Key words: Anxiety; Depression; Smoking; Questionnaires


La dependencia nicotínica es asociada a la presencia de ansiedad y depresión. Diversos instrumentos (cuestionarios) son usados para cuantificar tales síntomas, pero no se sabe cuál magnitud de mejoría evaluada por medio de ellos reflete cambios relevantes de los síntomas después de una intervención en tabaquistas. El objetivo de eso estudio fue determinar el valor de la diferencia mínima importante para cuestionarios a cerca de ansiedad y depresión después de una intervención que intenta aumentar la actividad física diaria en tabaquistas. Cincuenta y siete tabaquistas con espirometría normal fueron sometidos al programa para aumentar la actividad física diaria. Por un período de dos meses, los participantes utilizaron un podómetro (contador de pasos) y recibieron una cartilla informativa como incentivos para aumentar la actividad física diaria. Los tabaquistas fueron evaluados antes y después del programa y a cada evaluación se aplicaron cuestionarios que cuantifican ansiedad y depresión (Escala Hospitalaria de Ansiedad y Depresión - HADS A y D; Inventario de Ansiedad Tracio-Estadio de Spielberger - STAI y Inventario de Depresión de Beck - BDI). Se observó aumento significante de la actividad física diaria (pasos por día) y mejora de la puntuación de todos los cuestionarios aplicados. Los valores de la diferencia mínima importante para esa populación fueron de ocho puntos para HADS A, seis para HADS D, diez para STAI y 11 para BDI. Con el presente estudio, se puso determinar los valores de la diferencia mínima importante para reducción de ansiedad y depresión después de un programa de incentivo a la actividad física en tabaquistas. Esos resultados indican un cambio potencialmente significativo, además de cualquier error de mensuración.

Palabras-clave: Ansiedad; Depresión; Hábito de Fumar; Cuestionarios


Nicotine dependence is an addiction caused by the consumption of nicotine through smoking tobacco, and is considered by the World Health Organization (WHO) as the leading cause of preventable death in the world. It is estimated that there are approximately six million deaths every year due to smoking-related diseases1.

Previous studies2 - 4 report that nicotine dependence is associated with anxiety disorders and depression, since the greater the degree of nicotine dependence associated with high consumption of cigarettes, the greater the severity of these symptoms.

Cigarette smoking and physical inactivity also play an important role in the development of high morbidity and mortality, and the association between them generates deleterious health effects5. The use of pedometers (small devices that count steps) and motivational interventions (e.g., informative booklets) as an incentive to increase the level of physical activity in daily life has been widely used in various populations6, including in smokers5 , 7 , 8.

Prior literature suggests that physical activity and smoking are inversely related through psychological conditions, such as anxiety and depression9. Due to the range of instruments available for the quantification of anxiety and depression10 - 12, it is difficult to choose one that best evaluates improvement in symptoms after an intervention aimed at smokers. When the instruments in use are questionnaires, they should be considered sensitive, reliable, valid, and especially responsive13.

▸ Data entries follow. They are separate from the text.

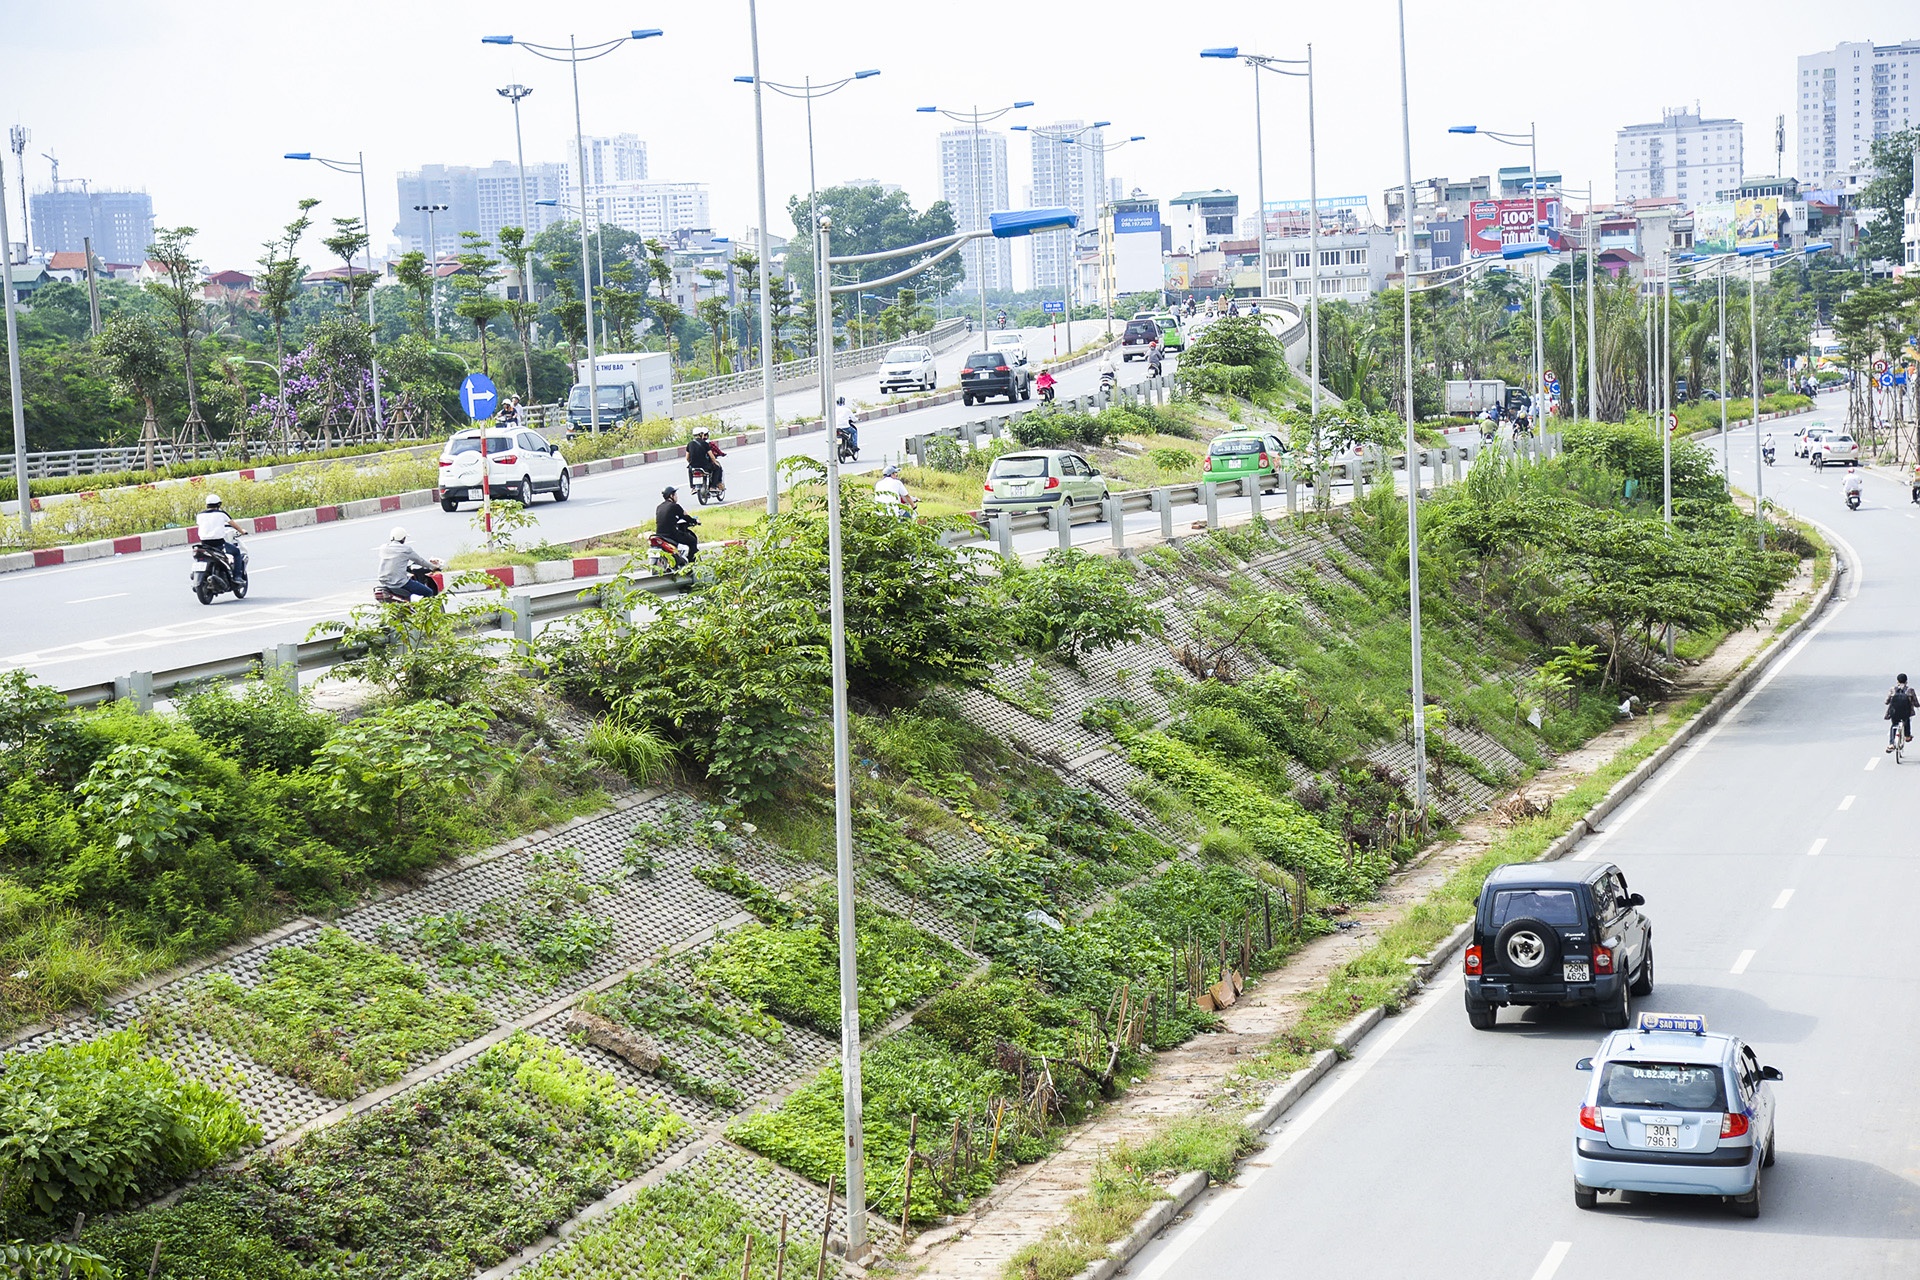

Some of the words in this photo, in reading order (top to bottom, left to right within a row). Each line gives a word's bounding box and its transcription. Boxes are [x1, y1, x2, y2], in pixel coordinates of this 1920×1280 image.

[1568, 964, 1584, 973] 29N
[1566, 972, 1587, 981] 4626
[1659, 1020, 1673, 1029] SAO
[1653, 1125, 1671, 1136] 30A
[1647, 1136, 1678, 1147] 796.13

Responsiveness can be defined as the ability of an instrument to accurately detect the change in the symptoms of the individuals, and is usually quantified by a numeric score13. There is a minimum level of change that can be identified by an instrument, also called minimal important difference (MID). This can be defined as the smallest change that the instrument can detect, which makes it possible to interpret whether this observed change represents improvement or worsening of symptoms to the individual13 , 14.

The determination of MID for an instrument is extremely important in understanding the distinction between statistical and clinical significance. However, the current literature does not indicate what is the magnitude of change that truly represents the value of MID for changes in anxiety and depression of smokers after an intervention. Thus, the aim of this study was to determine the value of MID for anxiety and depression questionnaires after an intervention aimed at increasing daily physical activity in smokers.

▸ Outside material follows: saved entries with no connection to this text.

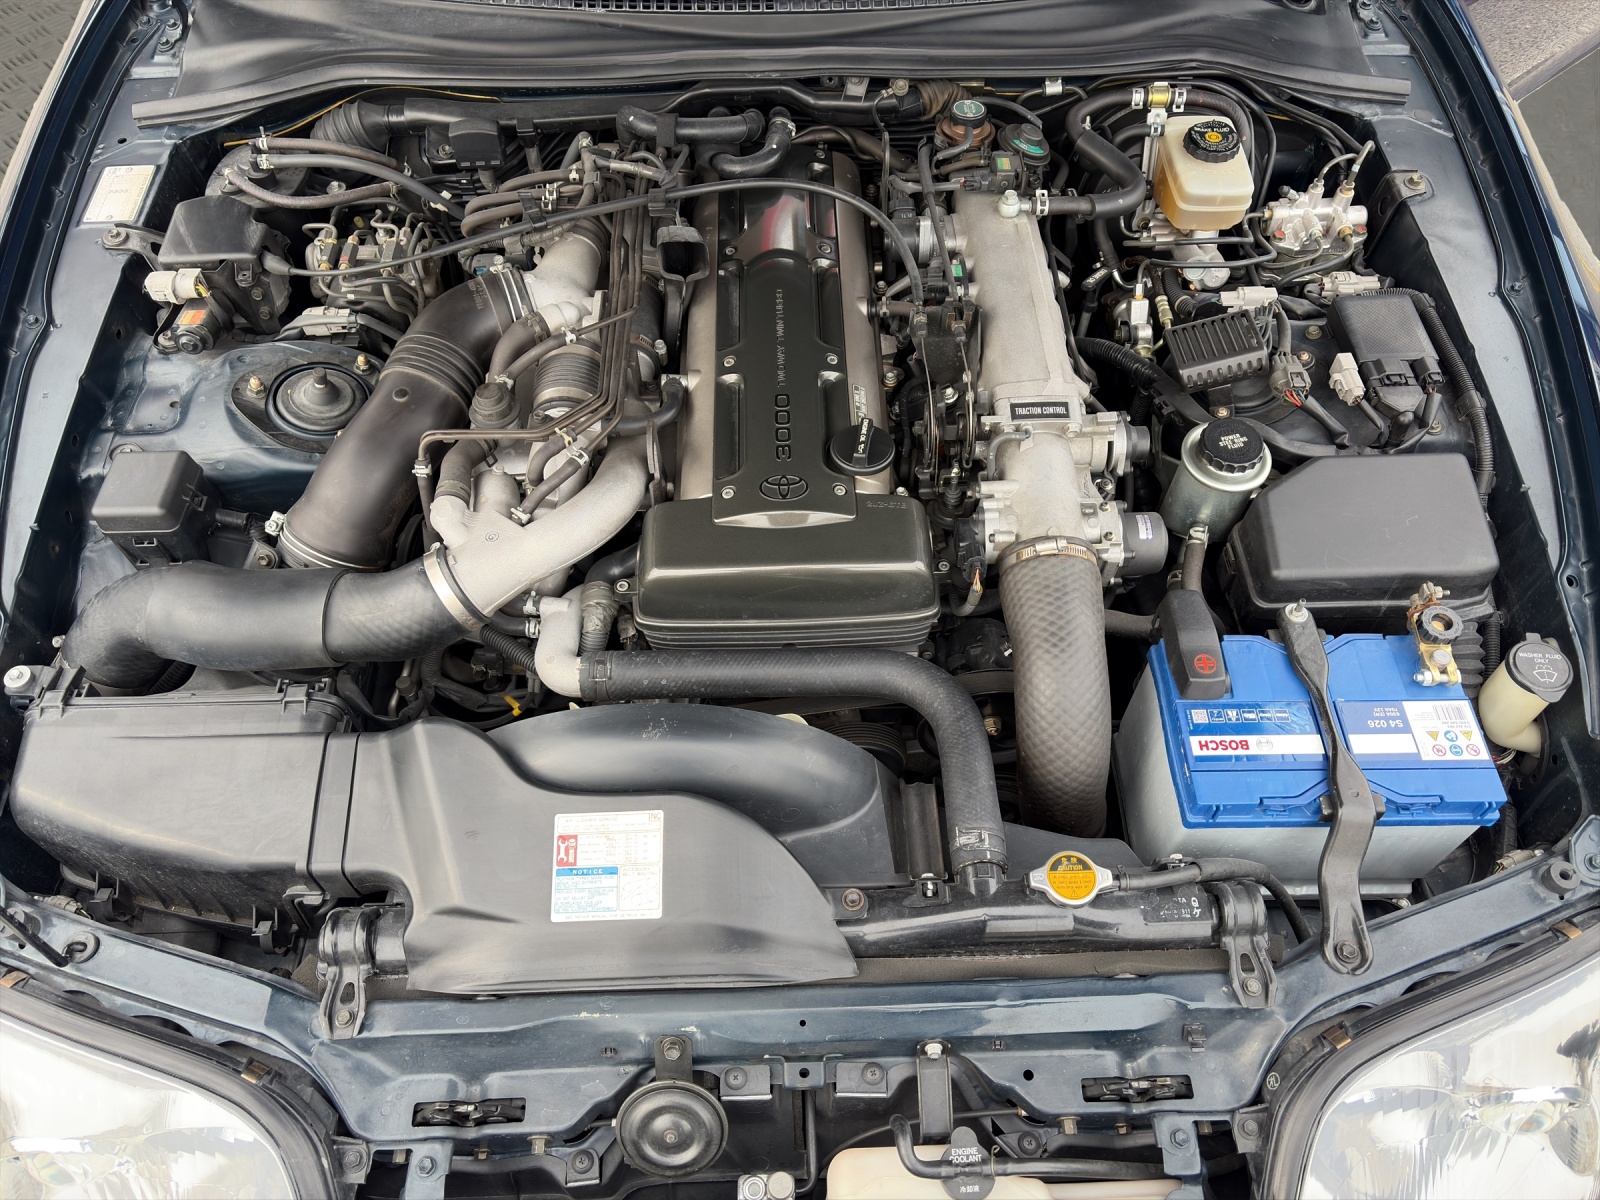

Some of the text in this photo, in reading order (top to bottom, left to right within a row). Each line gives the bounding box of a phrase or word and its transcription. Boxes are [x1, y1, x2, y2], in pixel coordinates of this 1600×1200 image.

[775, 288, 786, 387] TWO WAY TWIN TURBO
[1014, 406, 1068, 415] TRACTION CONTROL
[774, 393, 792, 462] 3000
[1220, 433, 1241, 442] POWER
[1227, 442, 1245, 450] FLUID
[1367, 719, 1404, 728] S4 026
[1198, 739, 1250, 751] BOSCH
[951, 1147, 979, 1156] ENGINE
[948, 1154, 982, 1164] COOLANT

This study was conducted at the Research Laboratory in Pulmonary Rehabilitation (LFIP), located at the University Hospital of Universidade Estadual de Londrina (HU-UEL). This study was approved by the Research Ethics Committee With Human Subjects of the HU-UEL under No. 173/10. For participation in the study, all subjects signed a free and informed consent form.

Sample and study design

In a convenience sample, participants were smokers with normal spirometry, age above 18 years old, of both genders, without severe or unstable pathological conditions that would influence the performance of physical activities in daily life. In addition, the subjects could not be using antidepressants or anxiolytics. Were excluded from this study smokers who had any events that differed from their normal daily routine during the study period (e.g., disease) as well as those who had no understanding and/or non-cooperation regarding the research procedures and methods or who gave up on participating in the study.

In a longitudinal and prospective design, participants were evaluated at two times: at baseline (EV1), held before the two-month protocol to encourage physical activity, and at the final evaluation (EV2), after the protocol. In these two instances, individuals responded to questionnaires on personal data and smoking habits, in addition to those specific to anxiety and depression symptoms. Additionally, they were evaluated for lung function (spirometry) and remained for six days with a pedometer, in order to determine their level of physical activity in daily life (PADL).

Evaluation of the level of physical activity in daily life

To assess the level of PADL, smokers carried, for six days, the pedometer (step counter) by Yamax Digiwalker SW-200 (YAMAX, Tokyo, Japan). They were instructed to use the apparatus according to the recommendations described in the study by Kovelis et al.5, as well as to use for at least eight hours per day. The level of PADL was determined by the mean number of steps in the six days of pedometer use, before and after the intervention protocol.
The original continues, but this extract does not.